> [The data]:

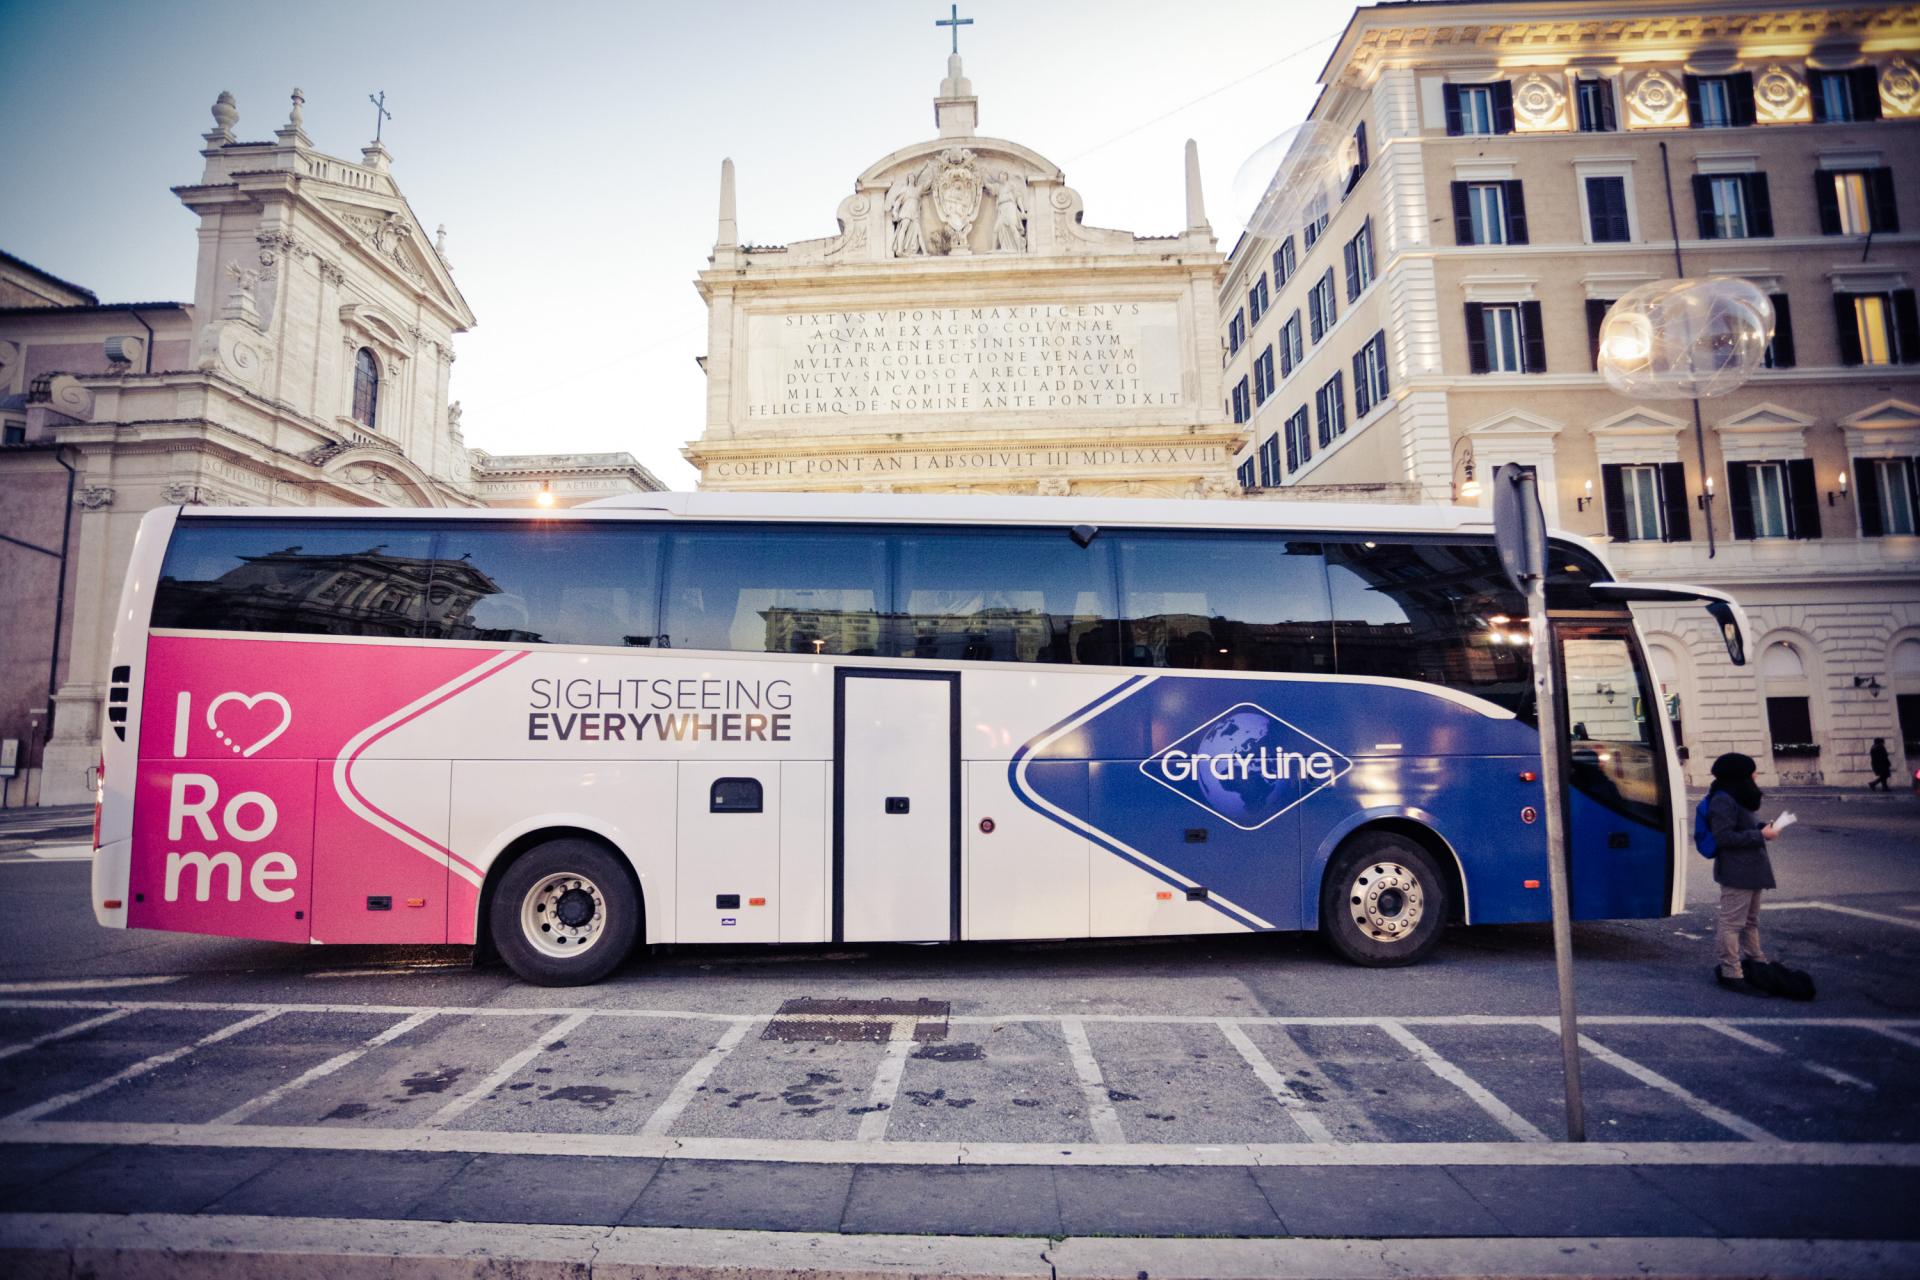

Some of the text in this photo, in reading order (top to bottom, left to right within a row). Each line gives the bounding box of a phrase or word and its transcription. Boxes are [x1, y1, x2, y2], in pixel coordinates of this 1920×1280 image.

[786, 304, 1139, 326] SIXTVS V PONT MAX PICENVS
[814, 320, 1113, 342] AQVAM EX AGRO COLVMNAE
[807, 335, 1121, 354] VIA PRAENEST SINISTRORSVM
[794, 349, 1134, 369] MVLTAR COLLECTIONE VENARVM
[787, 363, 1137, 385] DVCTV SINVOSO A RECEPTACVLO
[788, 388, 823, 400] MIL
[834, 386, 859, 398] XX
[871, 385, 880, 396] A
[892, 382, 969, 395] CAPITE
[1040, 378, 1140, 392] ADDVXIT
[856, 399, 879, 412] DE
[891, 396, 969, 410] NOMINE
[984, 396, 1036, 408] ANTE
[1049, 394, 1102, 406] PONT
[1116, 393, 1179, 404] DIXIT
[719, 448, 1216, 476] COEPIT PONT AN I ABSOLVIT III MDLXXXVII
[530, 679, 792, 710] SIGHTSEEING
[173, 691, 191, 757] I
[529, 713, 791, 742] EVERYWHERE

> [Exercise objective]: Please write out all of the data verbatim, with no pictures in the copy.

> [Written solution]:
Some of the text in this photo, in reading order (top to bottom, left to right within a row). Each line gives the bounding box of a phrase or word and its transcription. Boxes are [x1, y1, x2, y2], in pixel coordinates of this 1920×1280 image.

[786, 304, 1139, 326] SIXTVS V PONT MAX PICENVS
[814, 320, 1113, 342] AQVAM EX AGRO COLVMNAE
[807, 335, 1121, 354] VIA PRAENEST SINISTRORSVM
[794, 349, 1134, 369] MVLTAR COLLECTIONE VENARVM
[787, 363, 1137, 385] DVCTV SINVOSO A RECEPTACVLO
[788, 388, 823, 400] MIL
[834, 386, 859, 398] XX
[871, 385, 880, 396] A
[892, 382, 969, 395] CAPITE
[1040, 378, 1140, 392] ADDVXIT
[856, 399, 879, 412] DE
[891, 396, 969, 410] NOMINE
[984, 396, 1036, 408] ANTE
[1049, 394, 1102, 406] PONT
[1116, 393, 1179, 404] DIXIT
[719, 448, 1216, 476] COEPIT PONT AN I ABSOLVIT III MDLXXXVII
[530, 679, 792, 710] SIGHTSEEING
[173, 691, 191, 757] I
[529, 713, 791, 742] EVERYWHERE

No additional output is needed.